(DATA RECORDS Opens)

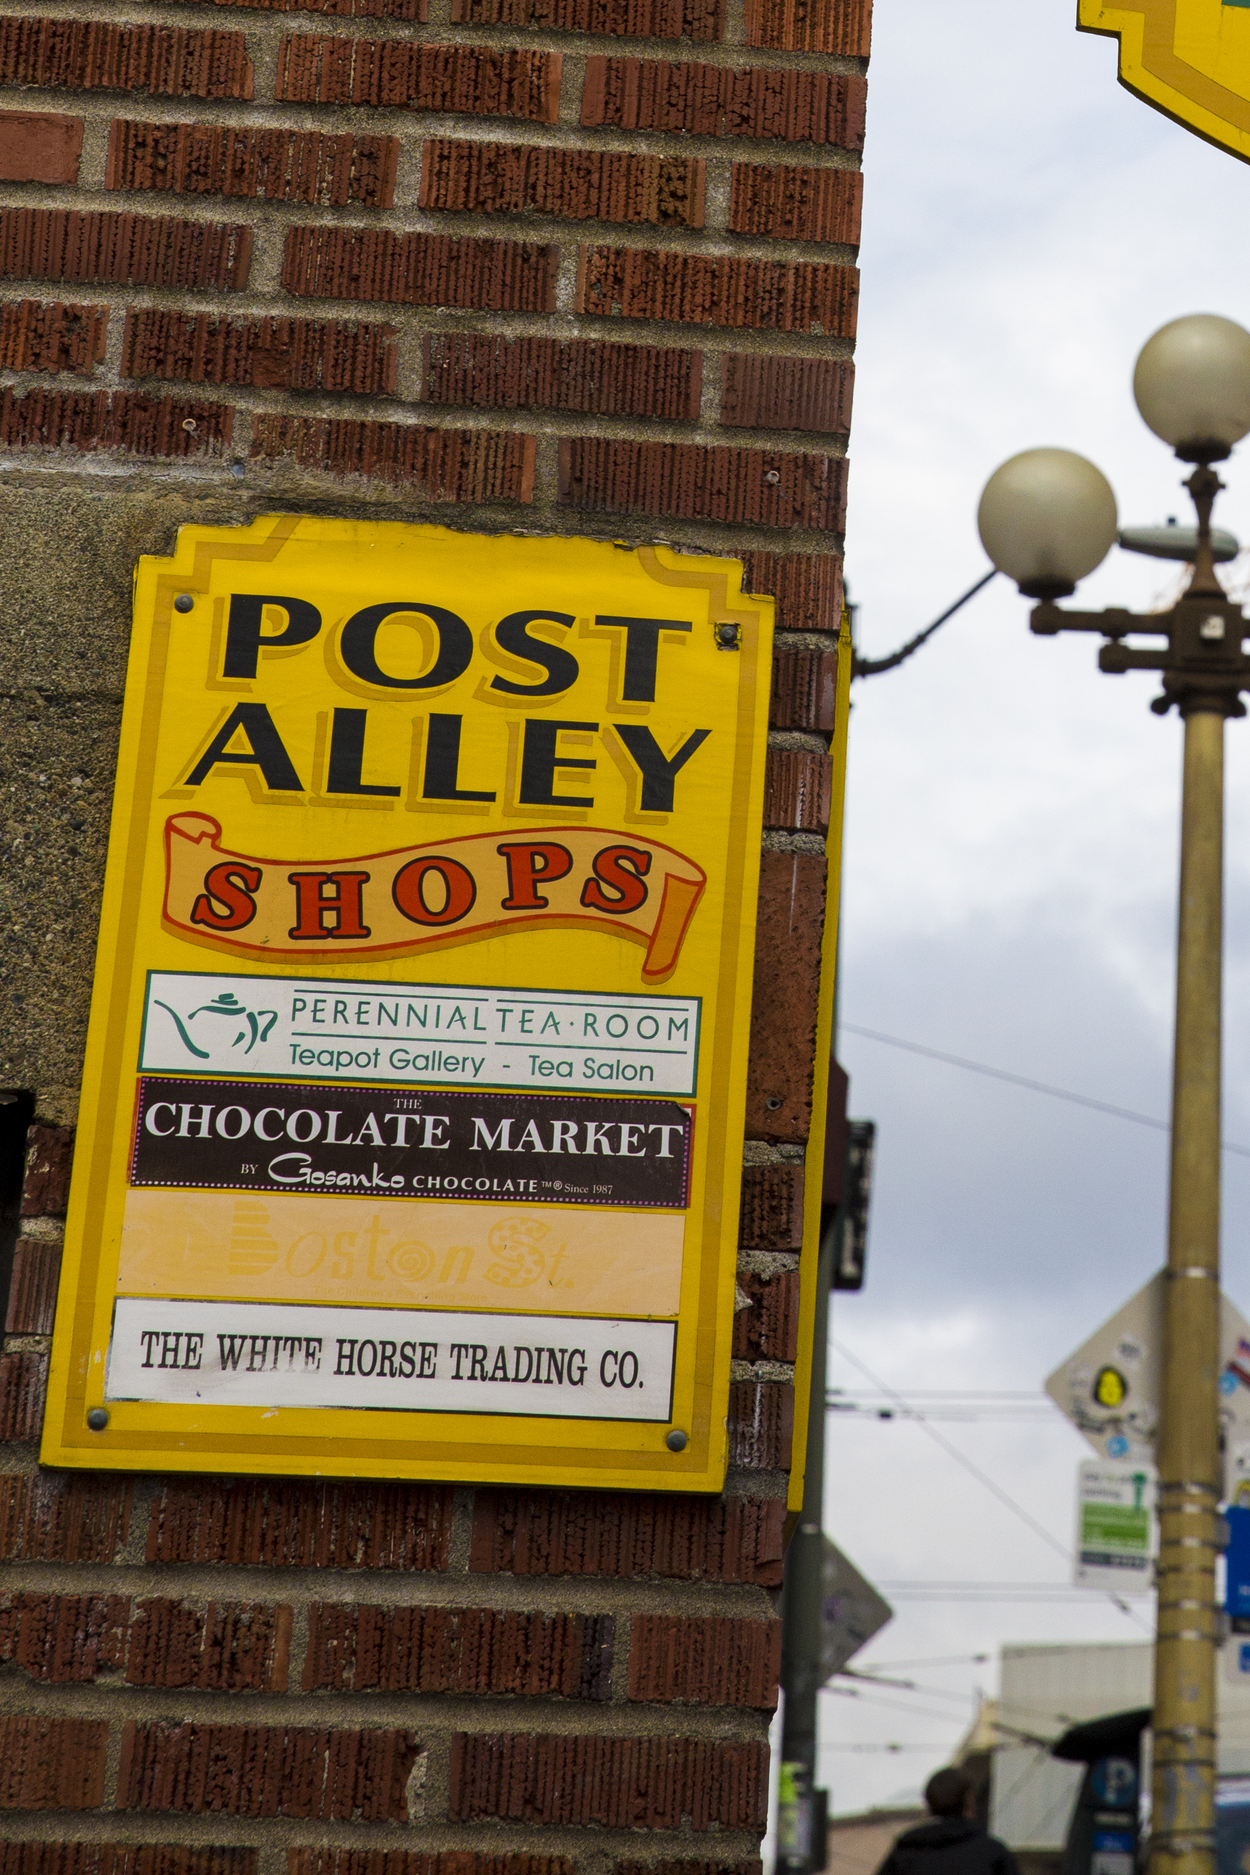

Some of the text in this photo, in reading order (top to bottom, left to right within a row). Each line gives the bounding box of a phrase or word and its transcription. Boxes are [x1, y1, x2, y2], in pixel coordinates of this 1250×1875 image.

[222, 593, 693, 704] POST
[184, 702, 713, 813] ALLEY
[190, 841, 653, 940] SHOPS
[291, 997, 488, 1031] PERENNIAL
[289, 1043, 381, 1072] Teapot
[389, 1048, 486, 1078] Gallery
[528, 1054, 574, 1078] Tea
[582, 1057, 655, 1082] Salon
[144, 1101, 684, 1158] CHOCOLATE MARKET
[393, 1097, 423, 1110] THE
[240, 1163, 259, 1174] BY
[267, 1151, 405, 1189] Gosanko
[412, 1175, 538, 1193] CHOCOLATE
[564, 1183, 589, 1194] Since
[592, 1184, 614, 1195] 1987
[228, 1199, 576, 1290] Boston St.
[140, 1330, 644, 1389] THE WHITE HORSE TRADING CO.
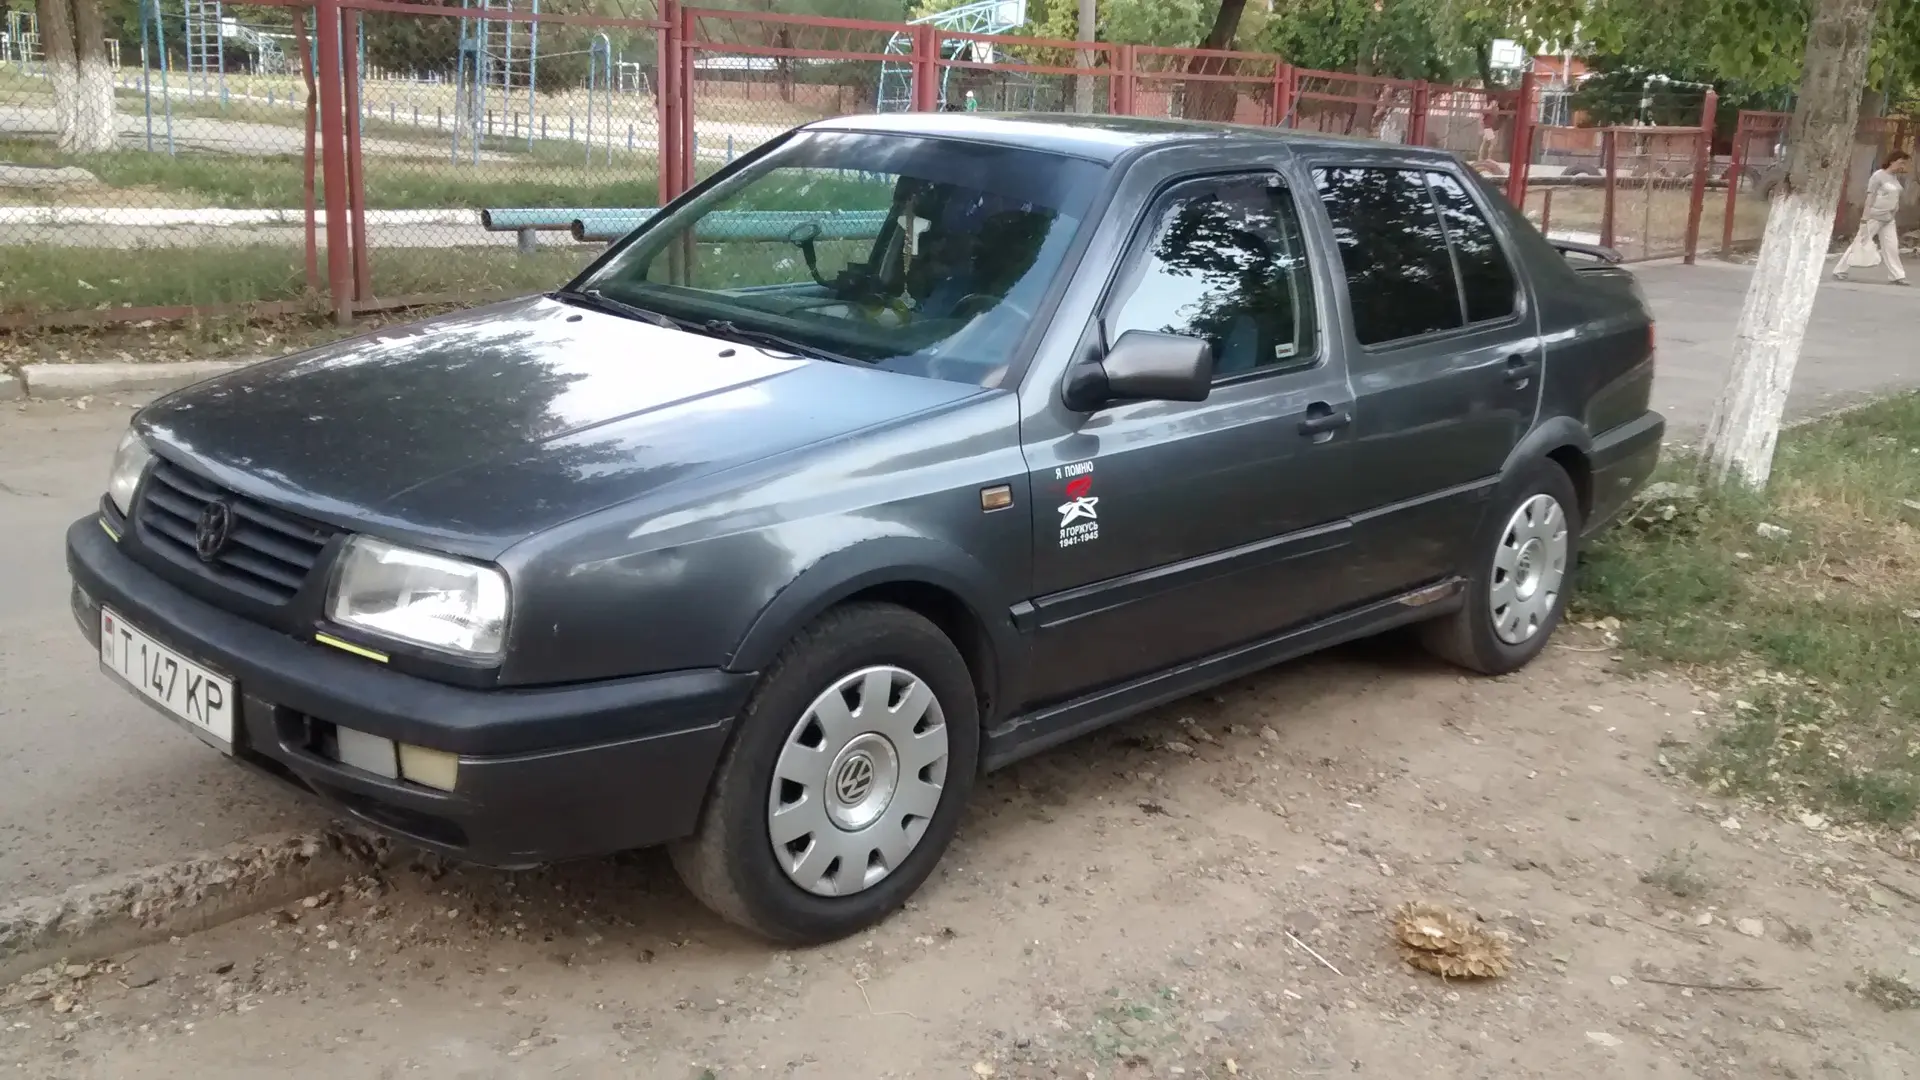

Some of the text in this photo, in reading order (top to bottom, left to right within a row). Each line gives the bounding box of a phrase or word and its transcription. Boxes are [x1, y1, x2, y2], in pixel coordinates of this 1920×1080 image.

[1055, 461, 1094, 480] Я ПОМНЮ
[1059, 521, 1099, 539] Я ГОРЖУСЬ
[1059, 531, 1099, 548] 1941-1945
[120, 627, 223, 725] T 147 KP

(DATA RECORDS Closes)

◆ **YOUR TASK**
Please transcribe every entry above exactly, leaving out any pictures.

◆ **RESULT OF THE EXERCISE**
Some of the text in this photo, in reading order (top to bottom, left to right within a row). Each line gives the bounding box of a phrase or word and its transcription. Boxes are [x1, y1, x2, y2], in pixel coordinates of this 1250×1875 image.

[222, 593, 693, 704] POST
[184, 702, 713, 813] ALLEY
[190, 841, 653, 940] SHOPS
[291, 997, 488, 1031] PERENNIAL
[289, 1043, 381, 1072] Teapot
[389, 1048, 486, 1078] Gallery
[528, 1054, 574, 1078] Tea
[582, 1057, 655, 1082] Salon
[144, 1101, 684, 1158] CHOCOLATE MARKET
[393, 1097, 423, 1110] THE
[240, 1163, 259, 1174] BY
[267, 1151, 405, 1189] Gosanko
[412, 1175, 538, 1193] CHOCOLATE
[564, 1183, 589, 1194] Since
[592, 1184, 614, 1195] 1987
[228, 1199, 576, 1290] Boston St.
[140, 1330, 644, 1389] THE WHITE HORSE TRADING CO.

Some of the text in this photo, in reading order (top to bottom, left to right within a row). Each line gives the bounding box of a phrase or word and its transcription. Boxes are [x1, y1, x2, y2], in pixel coordinates of this 1920×1080 image.

[1055, 461, 1094, 480] Я ПОМНЮ
[1059, 521, 1099, 539] Я ГОРЖУСЬ
[1059, 531, 1099, 548] 1941-1945
[120, 627, 223, 725] T 147 KP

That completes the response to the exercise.